Saved data entries:
++++++

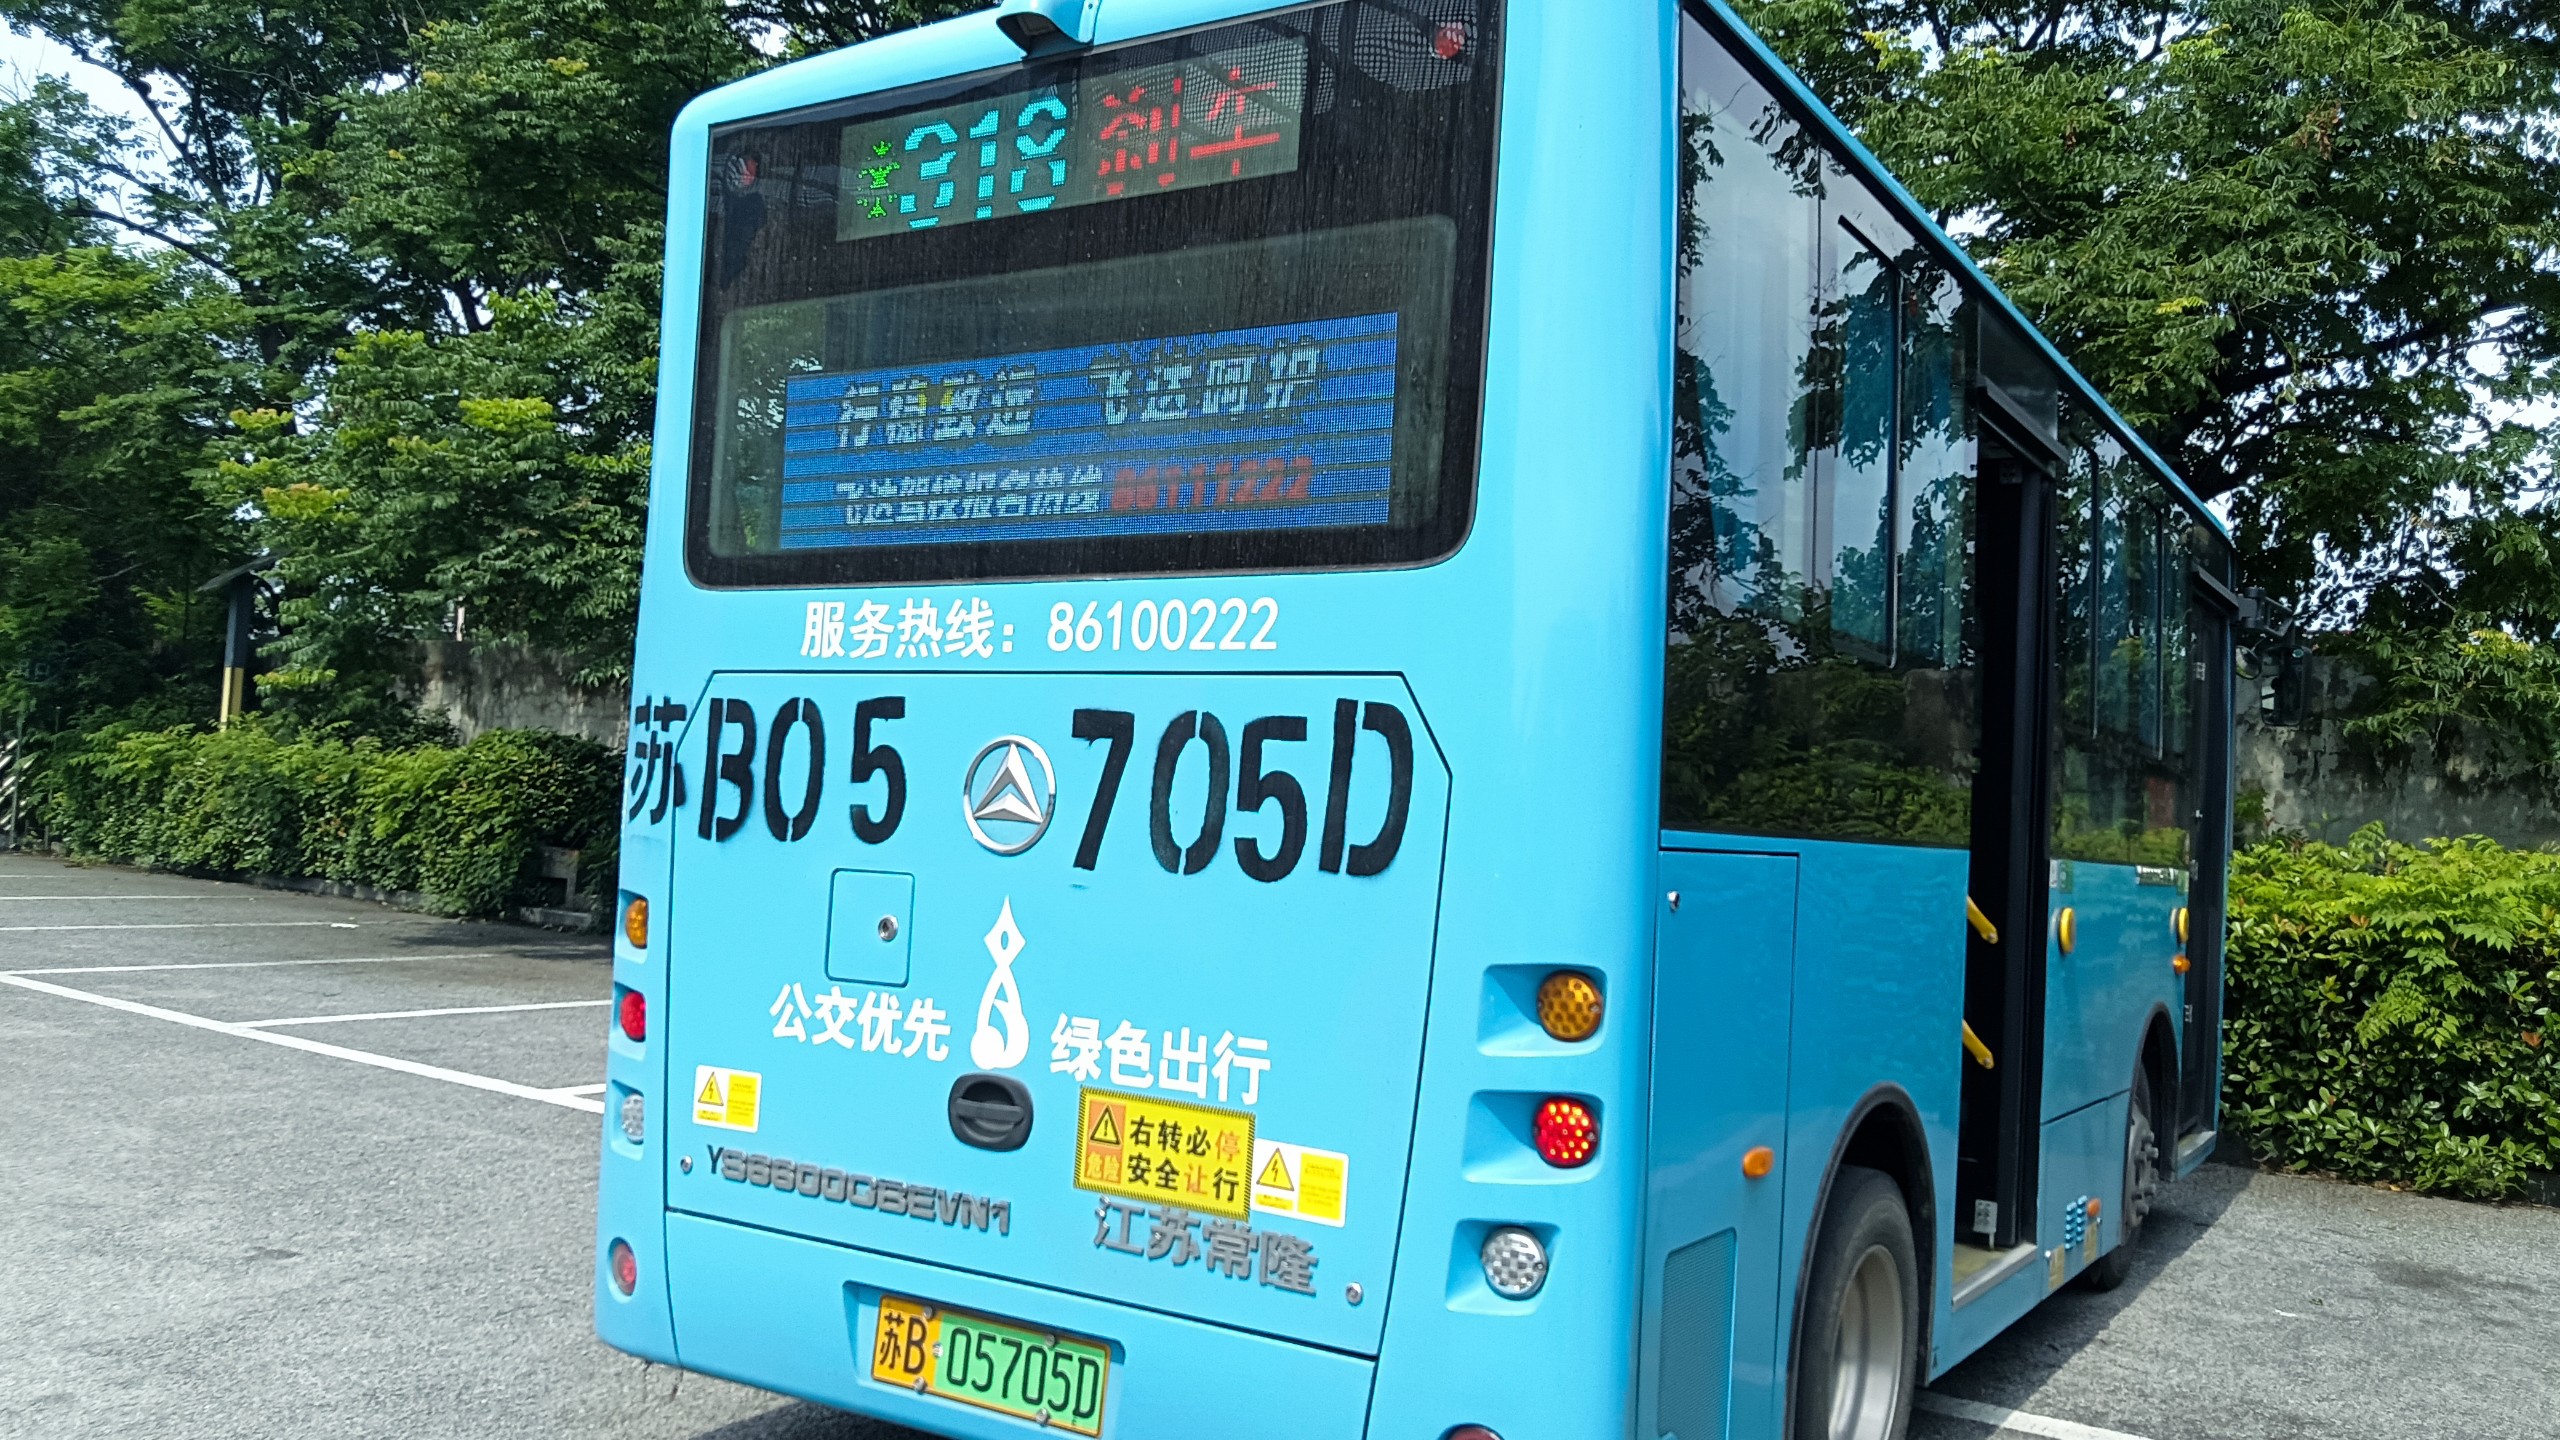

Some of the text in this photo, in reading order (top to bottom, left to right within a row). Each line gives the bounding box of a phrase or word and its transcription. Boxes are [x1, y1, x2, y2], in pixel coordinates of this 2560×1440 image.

[900, 96, 1068, 229] 318
[769, 982, 1271, 1105] 公交优先 绿色出行
[1086, 1150, 1123, 1185] 危险
[1129, 1115, 1241, 1162] 右转必停
[1127, 1153, 1240, 1202] 安全让行
[1093, 1196, 1320, 1297] 江苏常隆

++++++

▶ _Aim of the task_
Repeat the data exactly, dropping every picture it holds.

▶ _Task solution_
Some of the text in this photo, in reading order (top to bottom, left to right within a row). Each line gives the bounding box of a phrase or word and its transcription. Boxes are [x1, y1, x2, y2], in pixel coordinates of this 2560×1440 image.

[900, 96, 1068, 229] 318
[769, 982, 1271, 1105] 公交优先 绿色出行
[1086, 1150, 1123, 1185] 危险
[1129, 1115, 1241, 1162] 右转必停
[1127, 1153, 1240, 1202] 安全让行
[1093, 1196, 1320, 1297] 江苏常隆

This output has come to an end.